=== Data supplied ===
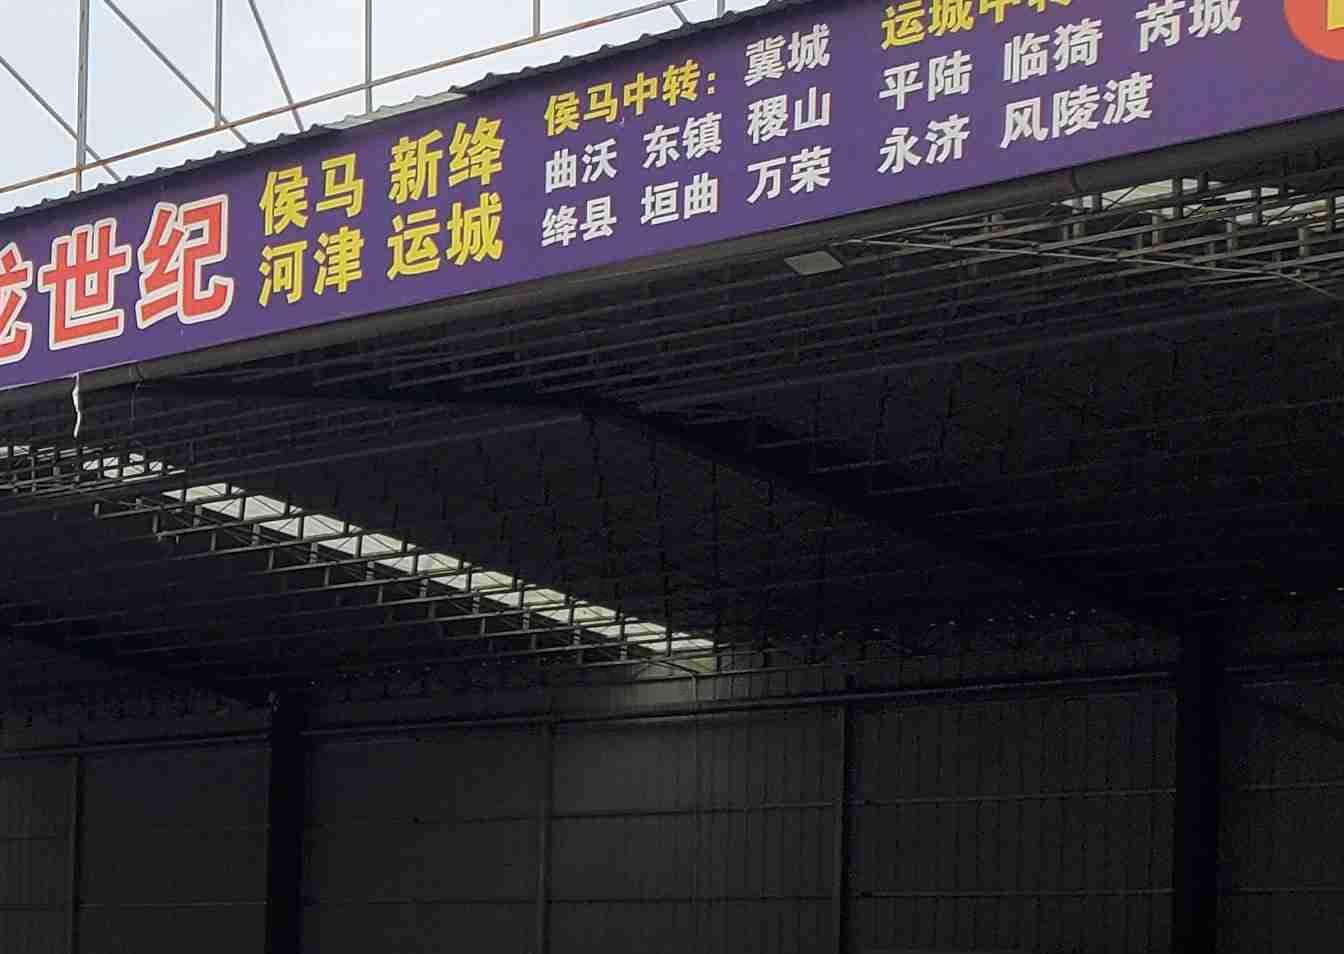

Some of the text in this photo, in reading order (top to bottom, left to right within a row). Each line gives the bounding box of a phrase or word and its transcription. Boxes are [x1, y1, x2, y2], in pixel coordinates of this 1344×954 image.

[544, 59, 716, 136] 侯马中转：
[879, 50, 972, 110] 平陆
[1003, 18, 1102, 83] 临猗
[545, 87, 831, 193] 曲沃 东镇 稷山
[877, 72, 1152, 173] 永济 风陵渡
[259, 117, 504, 235] 侯马 新绛
[542, 146, 831, 247] 绛县 垣曲 万荣
[259, 192, 503, 307] 河津 运城
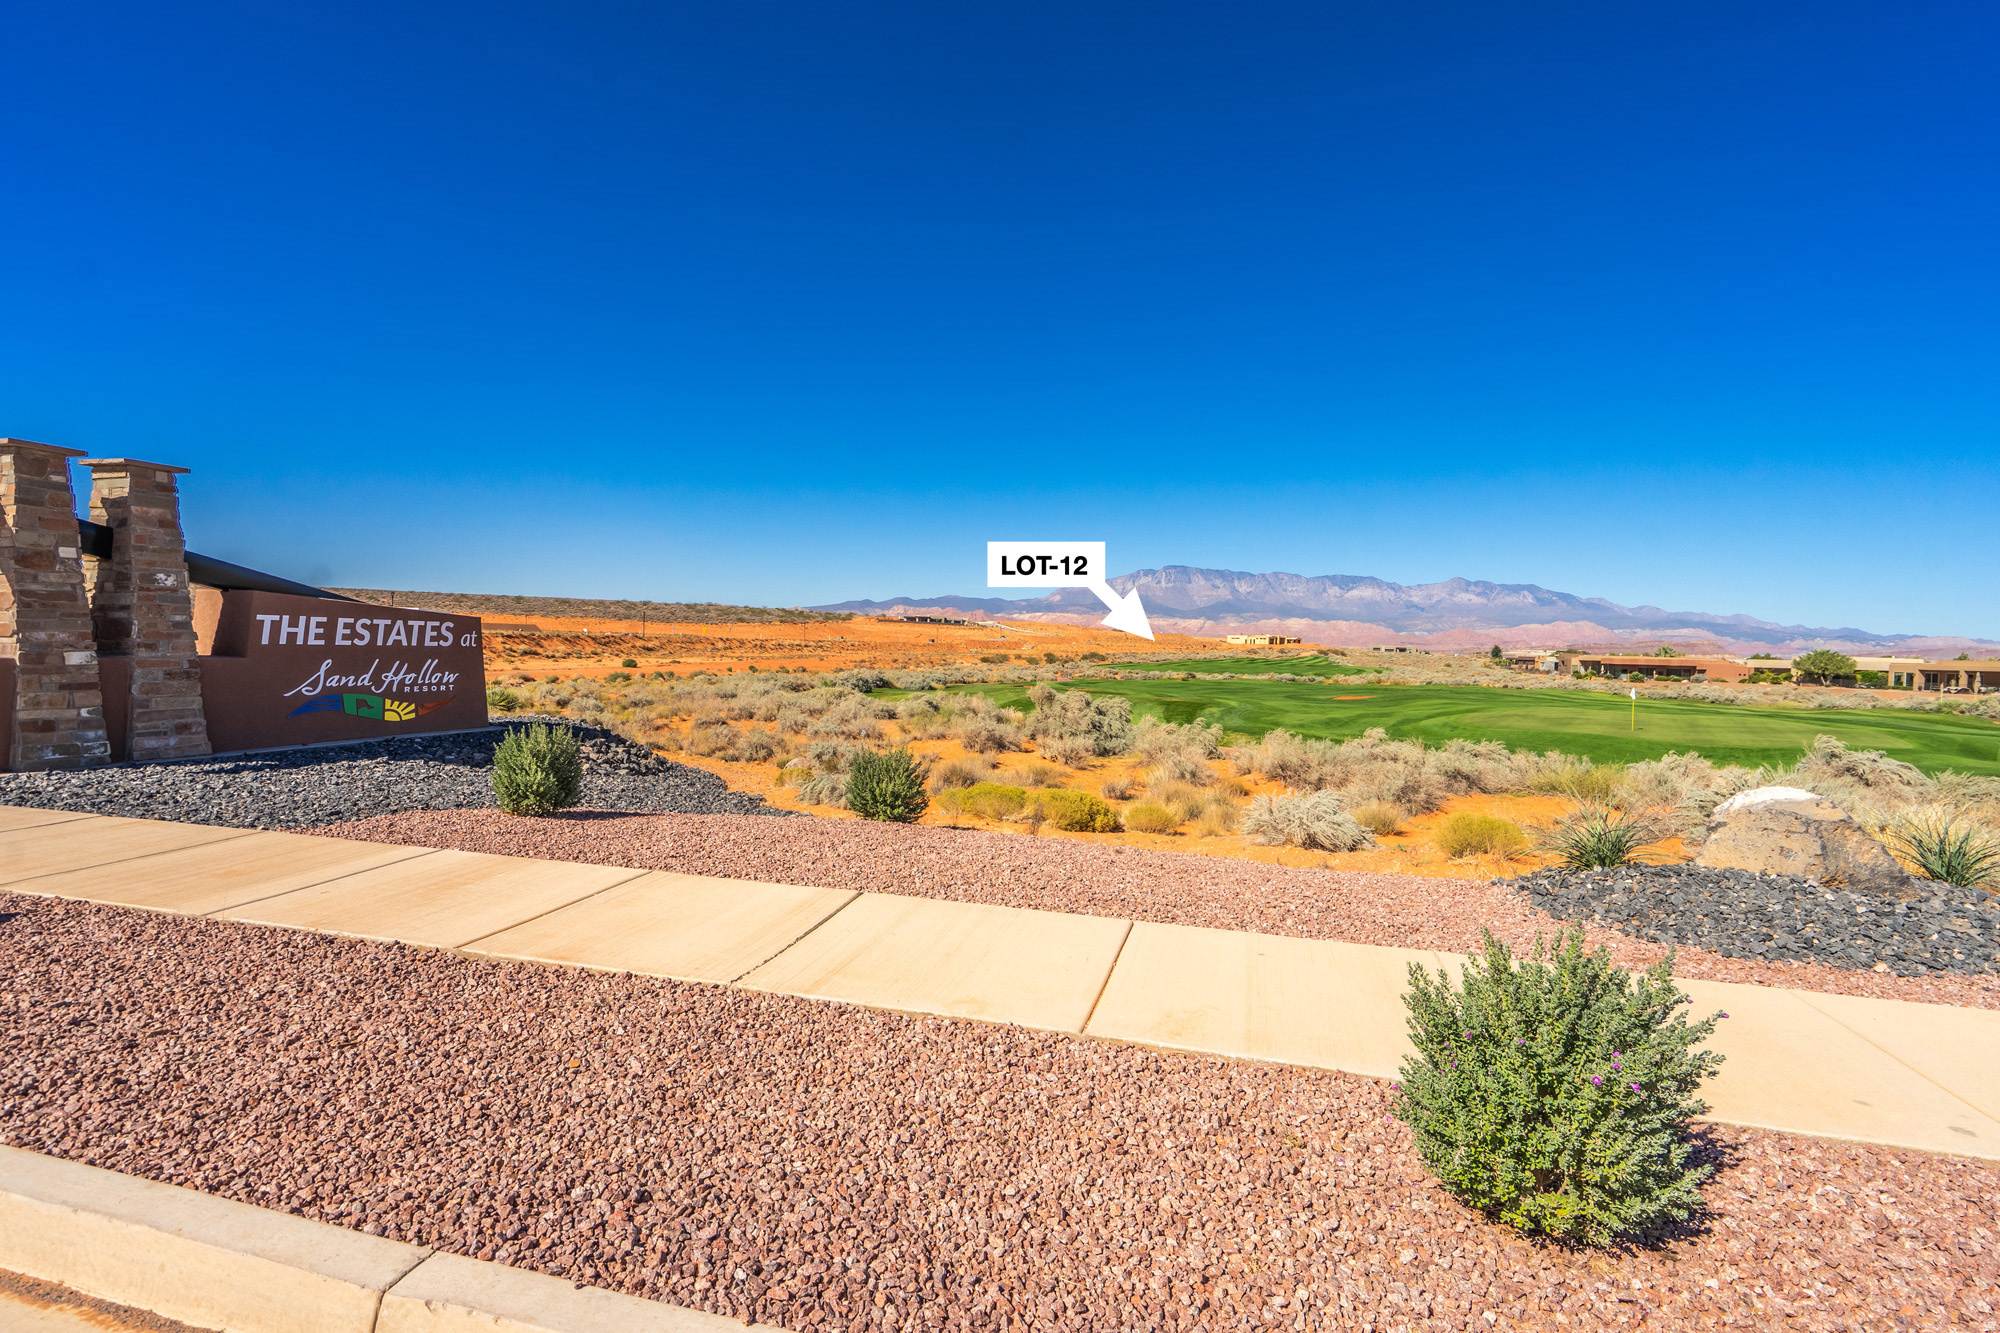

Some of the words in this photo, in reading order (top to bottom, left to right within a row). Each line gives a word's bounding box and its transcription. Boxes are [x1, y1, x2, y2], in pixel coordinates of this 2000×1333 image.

[256, 614, 328, 645] THE
[335, 617, 455, 647] ESTATES
[460, 630, 477, 647] at
[283, 659, 379, 696] Sand
[371, 659, 459, 693] Hollow
[404, 684, 455, 693] RESORT

=== About this task ===
Nothing but the lines from the one with "Some of the words" through the last line of the data should appear; print them exactly.

=== Response ===
Some of the words in this photo, in reading order (top to bottom, left to right within a row). Each line gives a word's bounding box and its transcription. Boxes are [x1, y1, x2, y2], in pixel coordinates of this 2000×1333 image.

[256, 614, 328, 645] THE
[335, 617, 455, 647] ESTATES
[460, 630, 477, 647] at
[283, 659, 379, 696] Sand
[371, 659, 459, 693] Hollow
[404, 684, 455, 693] RESORT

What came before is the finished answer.